--- Task ---
Return each line of the data below verbatim; pictures are to be left out.
──────── Available data
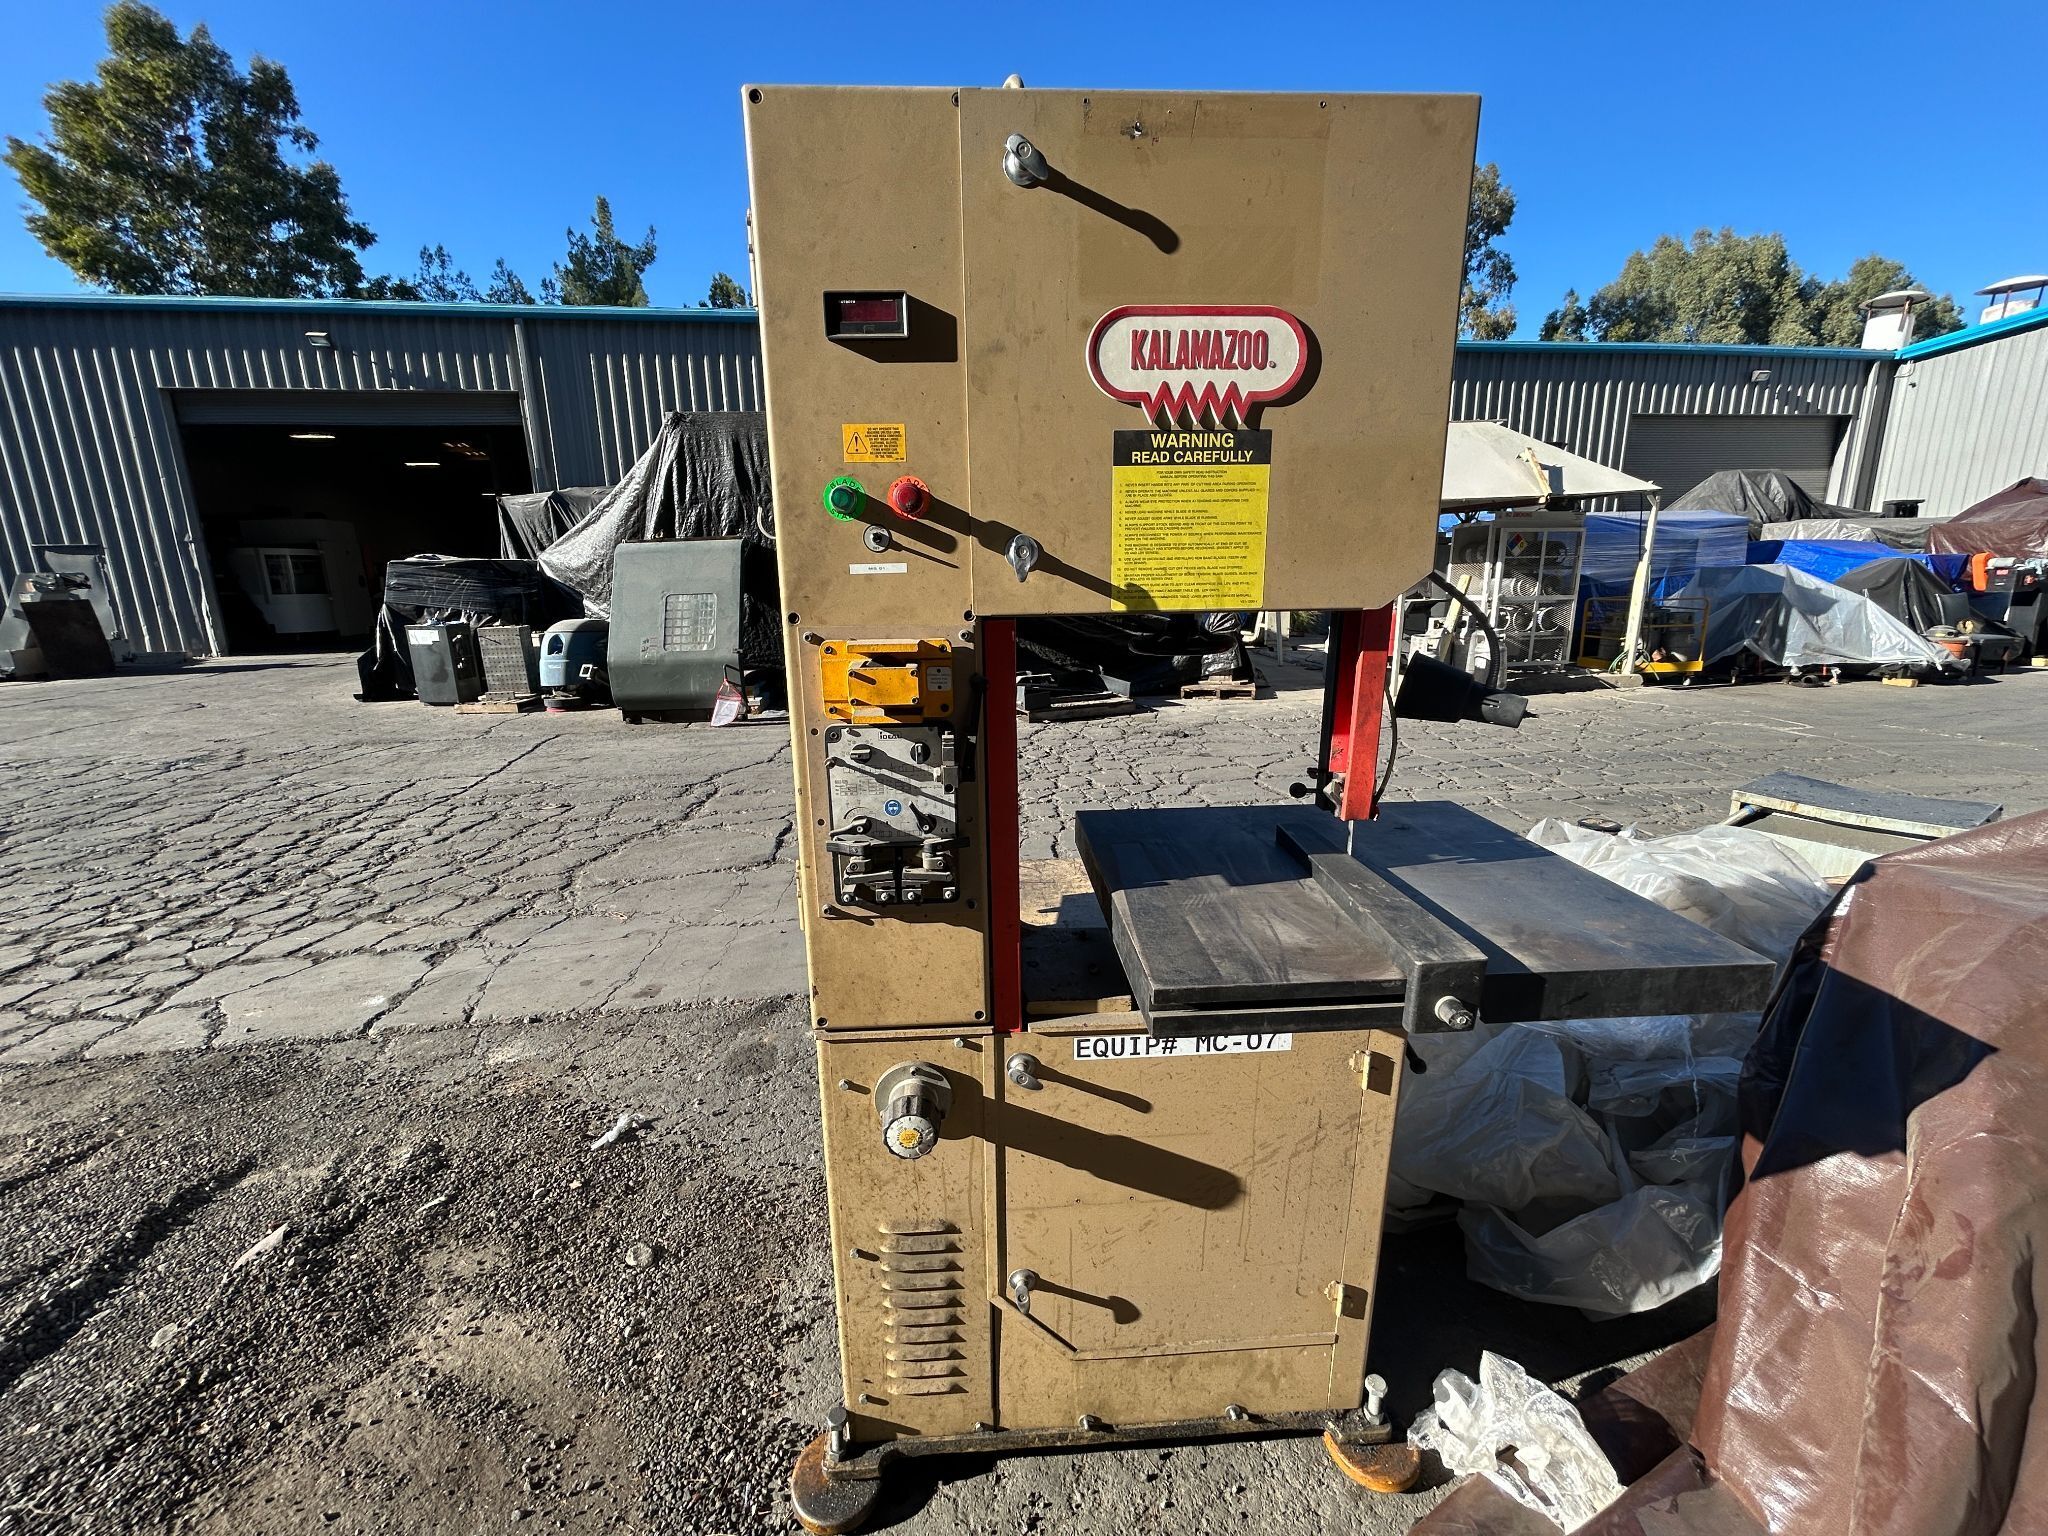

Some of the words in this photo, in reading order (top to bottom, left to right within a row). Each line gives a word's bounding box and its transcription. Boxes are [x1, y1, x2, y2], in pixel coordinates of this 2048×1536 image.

[1131, 329, 1270, 371] KALAMAZOO
[1151, 433, 1235, 449] WARNING
[1131, 451, 1170, 464] READ
[1173, 450, 1254, 464] CAREFULLY
[1075, 1036, 1178, 1058] EQUIP#
────────────────
--- Response box ---
Some of the words in this photo, in reading order (top to bottom, left to right within a row). Each line gives a word's bounding box and its transcription. Boxes are [x1, y1, x2, y2], in pixel coordinates of this 2048×1536 image.

[1131, 329, 1270, 371] KALAMAZOO
[1151, 433, 1235, 449] WARNING
[1131, 451, 1170, 464] READ
[1173, 450, 1254, 464] CAREFULLY
[1075, 1036, 1178, 1058] EQUIP#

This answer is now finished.